— What is expected —
Make an exact copy of the records, leaving out the images.

[Collected data]
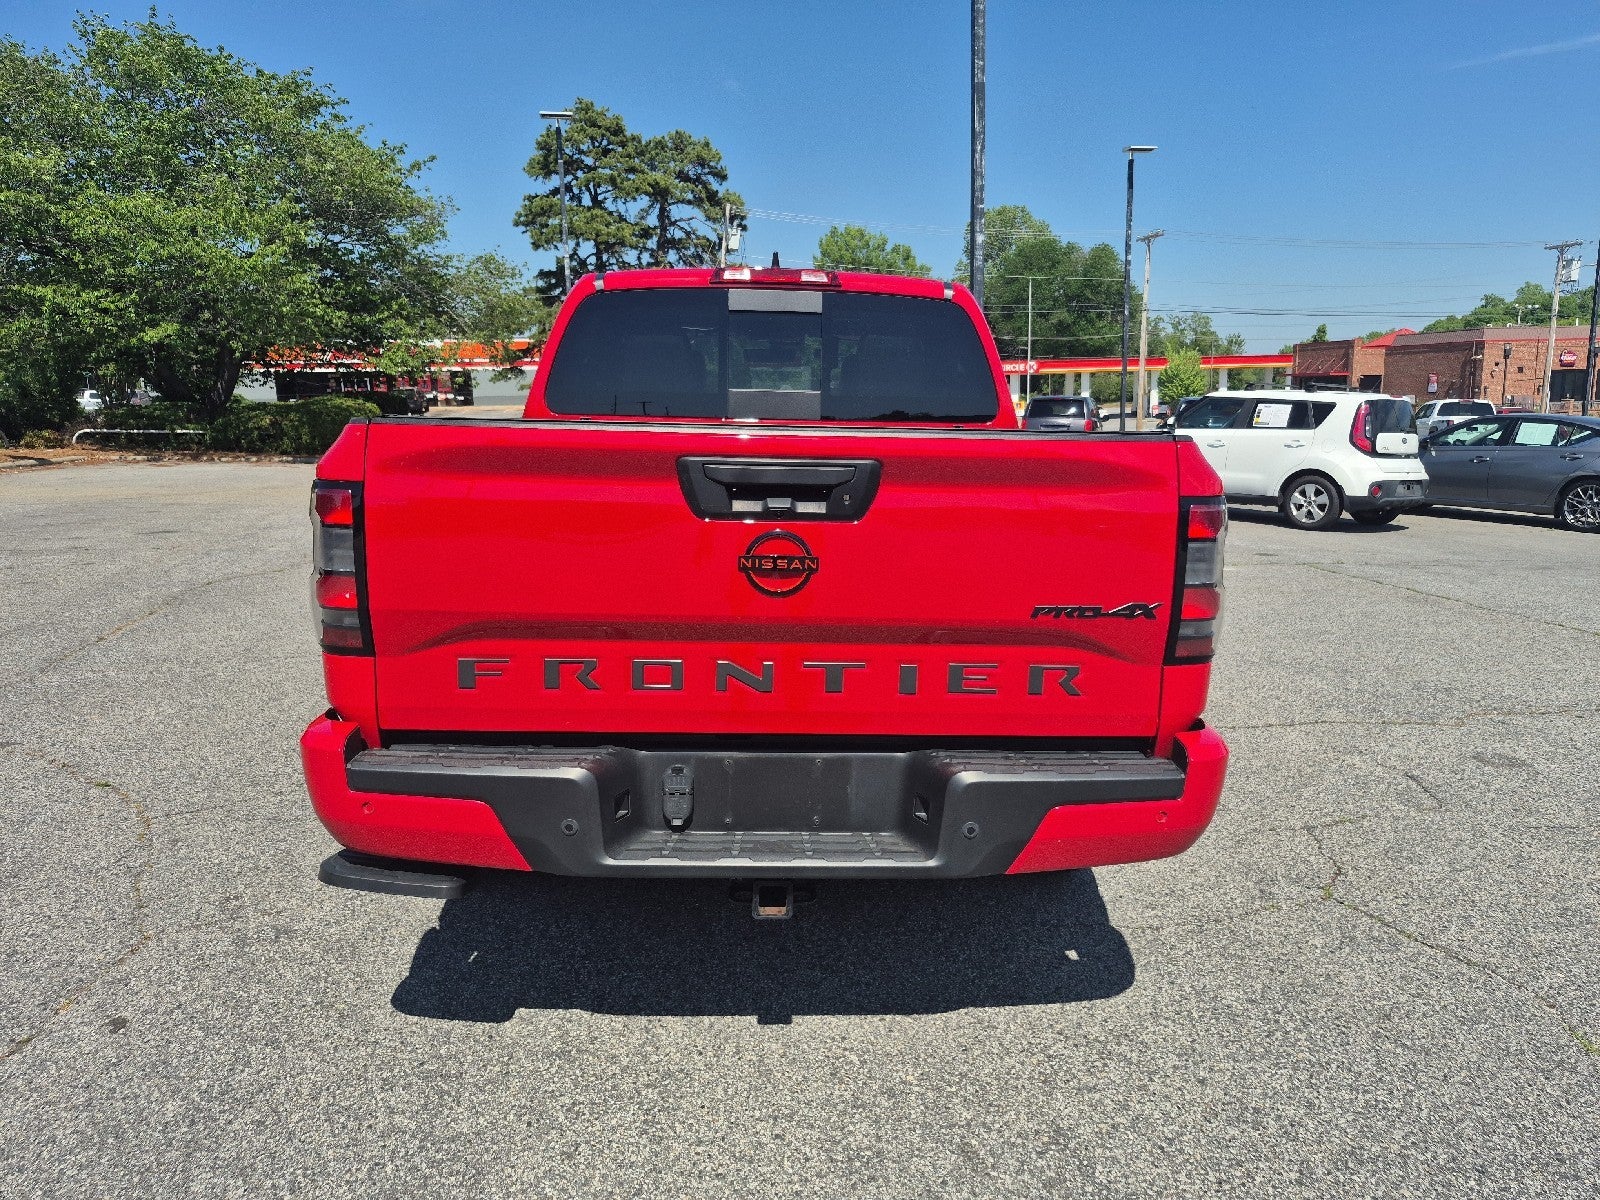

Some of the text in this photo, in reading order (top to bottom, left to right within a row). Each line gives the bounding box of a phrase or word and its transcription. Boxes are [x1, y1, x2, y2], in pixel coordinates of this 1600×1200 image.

[1001, 363, 1026, 372] IRCLE
[739, 557, 818, 570] NISSAN
[1030, 602, 1163, 620] PRO-4X
[457, 657, 1081, 697] FRONTIER

— Solution to the problem —
Some of the text in this photo, in reading order (top to bottom, left to right within a row). Each line gives the bounding box of a phrase or word and its transcription. Boxes are [x1, y1, x2, y2], in pixel coordinates of this 1600×1200 image.

[1001, 363, 1026, 372] IRCLE
[739, 557, 818, 570] NISSAN
[1030, 602, 1163, 620] PRO-4X
[457, 657, 1081, 697] FRONTIER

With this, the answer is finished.